Compare this with Cyprian: "He [Satan] took away from Man the grace of
immortality which he had first lost himself" (9). The Canaanite,
Babylonian and Assyrian myths of creation say nothing about the
culpable sin of humanity in the beginning. They explain our fallen
world as resulting from unreasonable punishment of man by the gods, or
humanity being caught up in the fallout from some cosmic conflict. It
was the gods and not man who 'fell'. The Biblical account shows Adam
falling from a "very good" state. The myths speak of the gods behaving
immorally, filled with hatred, anger, murder, immorality etc., and they
conceive humanity as descended from them, created from their blood. So
they have no place for a "very good" human personally falling from that
state; for they presuppose that man was created evil and not "very
good". "In Genesis man is created in the image of God; but the
Babylonians created their gods in the image of man... Man,
consequently, was created evil and was evil from his very beginning.
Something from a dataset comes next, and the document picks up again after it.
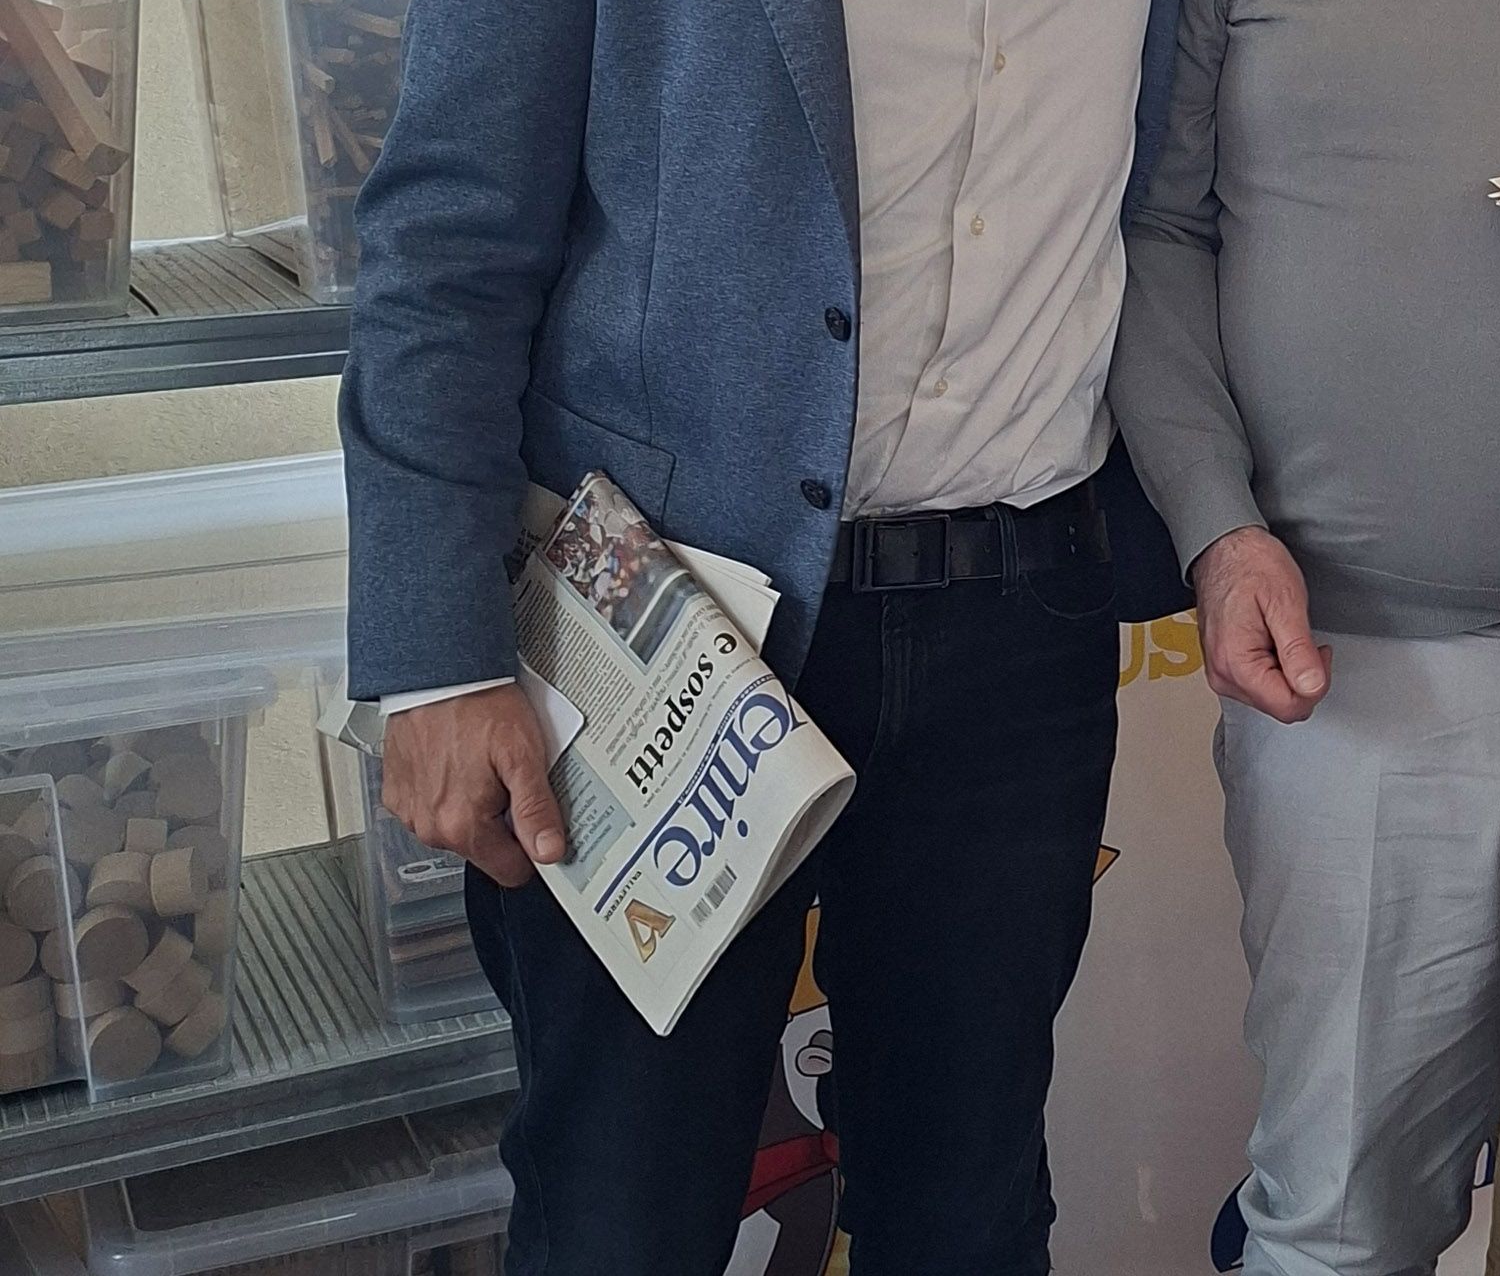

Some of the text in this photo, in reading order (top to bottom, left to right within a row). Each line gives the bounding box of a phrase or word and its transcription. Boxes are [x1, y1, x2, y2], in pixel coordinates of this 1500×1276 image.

[713, 633, 738, 655] e
[625, 653, 714, 795] sospetti
[654, 692, 808, 887] enire
How, then, could he fall? The idea that man fell from a state of moral
perfection does not fit into the system or systems of Babylonian
speculation" (10). Personal disobedience, sin against the one and only
God and creator, thus defacing His image, consequences and
responsibilities arising from that sin... all these things, which find
their unique answer in the Christian Gospel, are simply not even
recognized as the issues in the myths. And the Genesis record is
bringing this out, highlighting what are the real issues, by means of
allusion to these myths.
So many commentators have
noted that Gen. 1-3 is one of the most misused and misunderstood
sections of the whole Bible. But why? They give no significant
explanation. I'd suggest it's because humanity [and that includes
theologians and formulators of church doctrine] squirms awkwardly under
the glaring beam of the simple record of human guilt. And therefore the
serpent has been turned into a superhuman being that gets all the
blame; and human sin has been minimized, at the expense of the plain
meaning of the text. The whole structure of the Biblical narrative is
concerned with the guilt and sin of the man and the woman; the snake
isn't where the focus is. Von Rad, in one of the 20th century's most
seminal commentaries on Genesis, understood this clearly: "In the
narrator's mind, [the serpent] is scarcely an embodiment of a 'demonic'
power and certainly not of Satan... the mention of the snake is almost
secondary; in the 'temptation' by it the concern is with a completely
unmythical process, presented in such a way because the narrator is
obviously anxious to shift the problem as little as possible from man"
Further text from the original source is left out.